Common sources people use to acquire bullion are:

ETFs and Mutual Funds

Instead of buying it physically, another method is investing in mutual and exchange-traded funds (ETFs). These are actively managed funds that specialize in bullion or mining investments. Popular mutual funds include Tocqueville Gold (TGLDX) and the Gabelli Gold Fund (GOLDX). Some common ETFs are the iShares Gold Trust (IAU), the Goldman Sachs Physical Gold ETF (AAAU), and the Abdrn Physical Precious Metals Basket Shares ETF (GLTR).

By adding these to your portfolio, you can indirectly own shares of gold without the potential headaches of storing it and keeping it safe. It’s also easier to sell your shares than if you had bullion in a safe somewhere. There’s no need to hunt for a buyer. But if you prefer to move on from the metal, you just need to sell your shares in the fund.

Since these funds are often run by professional managers, you’re likely to pay an annual expense ratio fee. And, while you don’t directly own the metal, there’s still a chance of the market prices going down and lowering the value of your shares.

Gold Mining Stocks

Another indirect way to insert yourself in the gold industry is by buying shares in mining companies. The main advantage of this is that, as prices become more lucrative, the value of your equity in these corporations may increase with it. And, when you invest in the physical commodity and certain mutual funds, you’re reliant on the spot price (the going rate per ounce). On the other hand, the stock you own in mining businesses could become more valuable beyond just the spot price.

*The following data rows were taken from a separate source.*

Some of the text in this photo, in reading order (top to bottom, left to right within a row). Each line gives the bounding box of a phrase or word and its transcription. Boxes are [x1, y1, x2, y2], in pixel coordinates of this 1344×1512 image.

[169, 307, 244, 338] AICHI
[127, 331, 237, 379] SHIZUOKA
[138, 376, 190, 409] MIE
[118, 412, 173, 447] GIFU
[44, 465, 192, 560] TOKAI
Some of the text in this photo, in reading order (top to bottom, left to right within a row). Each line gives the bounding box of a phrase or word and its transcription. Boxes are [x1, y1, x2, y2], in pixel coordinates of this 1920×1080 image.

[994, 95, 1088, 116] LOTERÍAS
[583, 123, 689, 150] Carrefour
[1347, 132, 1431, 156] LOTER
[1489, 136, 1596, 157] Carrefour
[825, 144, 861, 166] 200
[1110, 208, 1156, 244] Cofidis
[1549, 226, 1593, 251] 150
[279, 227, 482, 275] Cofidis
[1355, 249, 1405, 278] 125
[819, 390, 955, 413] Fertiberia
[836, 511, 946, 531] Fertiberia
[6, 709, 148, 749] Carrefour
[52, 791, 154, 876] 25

Keep in mind, though, that stocks are never a sure thing. Ultimately, you’re depending on the company staying profitable. A litany of risks could impact the value of your investment, including operational problems, decreased gold prices, and unforeseen market conditions.


Futures are another method of adding the valuable commodity to your portfolio. This is where you sign a contract to either buy or sell a specific amount at an agreed-upon price at a future date. In these agreements, you don’t physically own any of the gold. What you’re trading, rather, is the contract itself.

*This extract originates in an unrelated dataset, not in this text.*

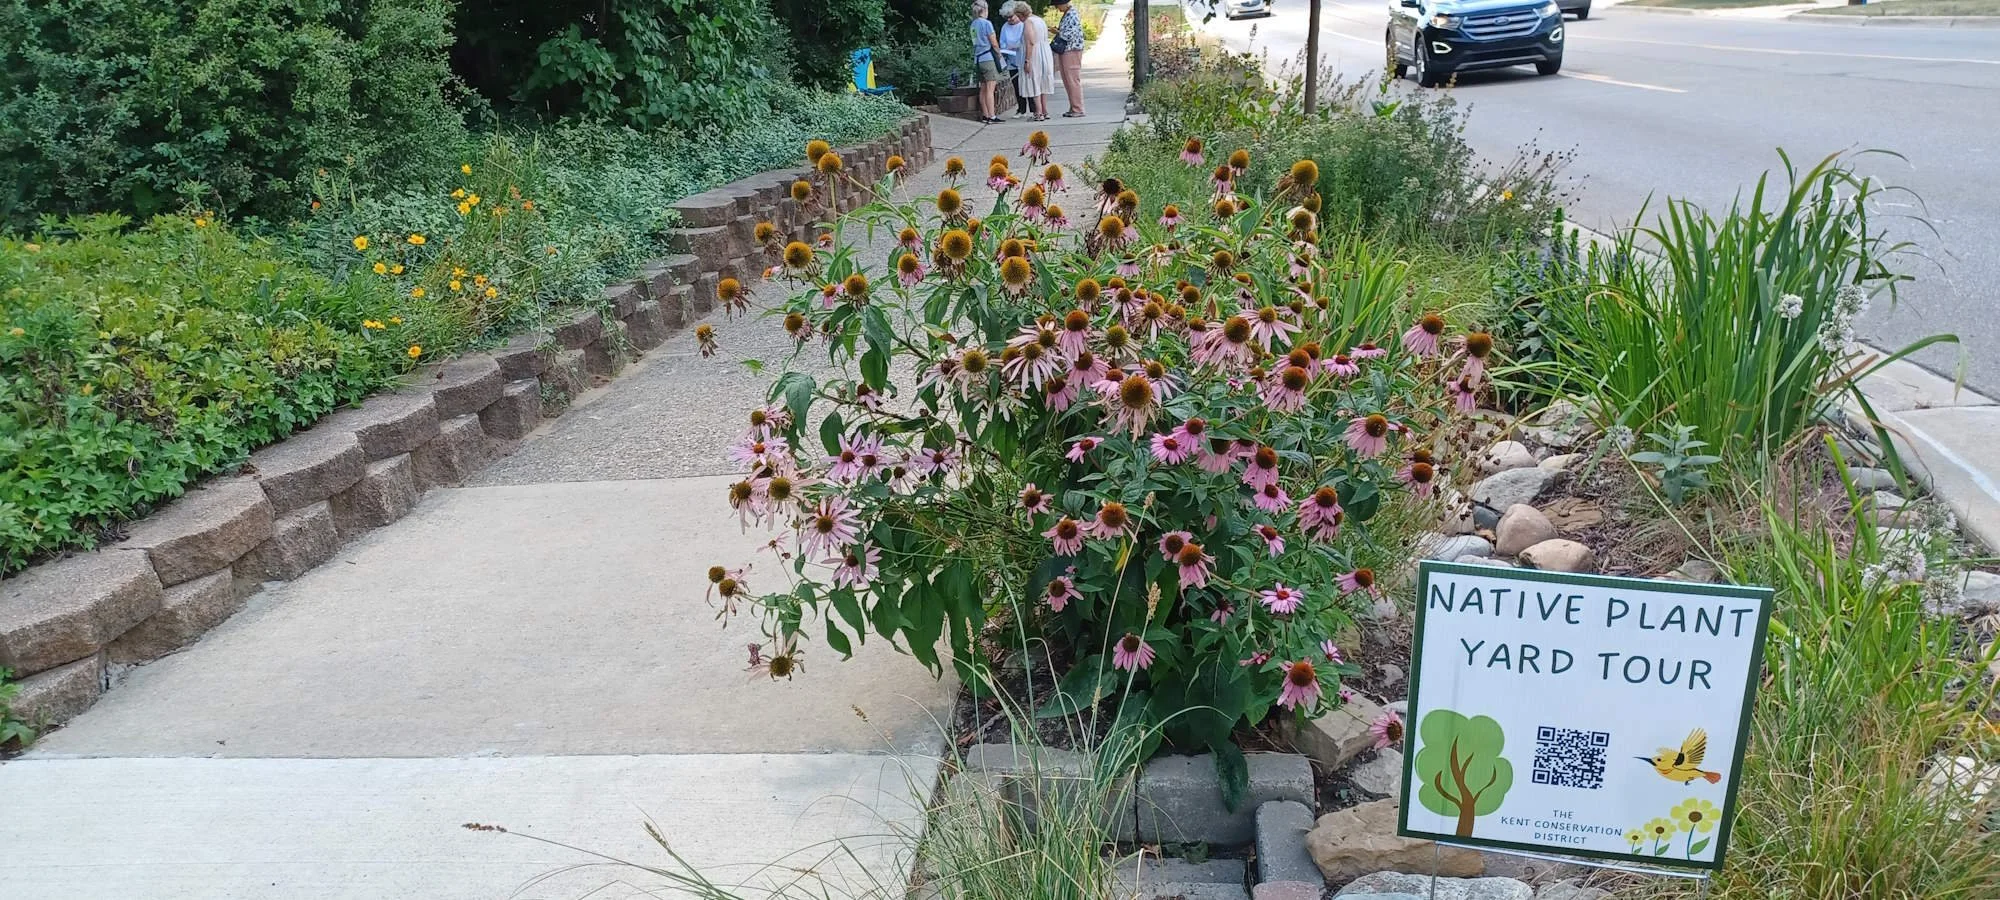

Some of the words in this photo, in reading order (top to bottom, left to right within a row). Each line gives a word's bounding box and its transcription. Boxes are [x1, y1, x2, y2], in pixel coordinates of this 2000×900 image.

These investments are typically very speculative, as you’re locking yourself in to buy at a certain price with the hope that it will eventually go up. The same is true if your future contract is to sell it. The idea is that you’ll have agreed to sell it for a higher price than it will be later. Of course, with speculation, comes the very real possibility that you could lose out. Gold prices could shift against your expectations, which could lead to losses.

Frequently Asked Questions

What impacts gold prices?

As with any investment, various factors can affect the price of precious metals. Two common ones are:

  • Supply and demand. Gold’s rarity is a major factor. As it becomes more in demand and harder to find, its price will rise.
  • Geopolitical events. Outside events, such as global pandemics, economic downturns, and wars, can cause costs to go up. This often happens when investors lose trust in governmental structures such as fiat currencies.

What is the smartest way to invest in gold?

This can vary. Some may claim that it’s better to own physical bullion and keep it within your possession. For many, though, it makes sense to own shares of a mutual fund or ETF. This is because it allows you to get the diversification of owning it without worrying about storage or finding someone to buy it for the right price in the future. To find out the ideal investing strategy for you, we recommend talking to a financial advisor. This free matching tool can help you find up to three vetted financial professionals in your area.

What is the safest way to store physical gold?

One of the safest places to hold gold bullion is in a safe deposit box at a bank. This gives it better protection from falling into the wrong hands. You can, of course, also keep it at home. But you’ll want to ensure it’s under lock and key in a spot only you or other trusted individuals know about.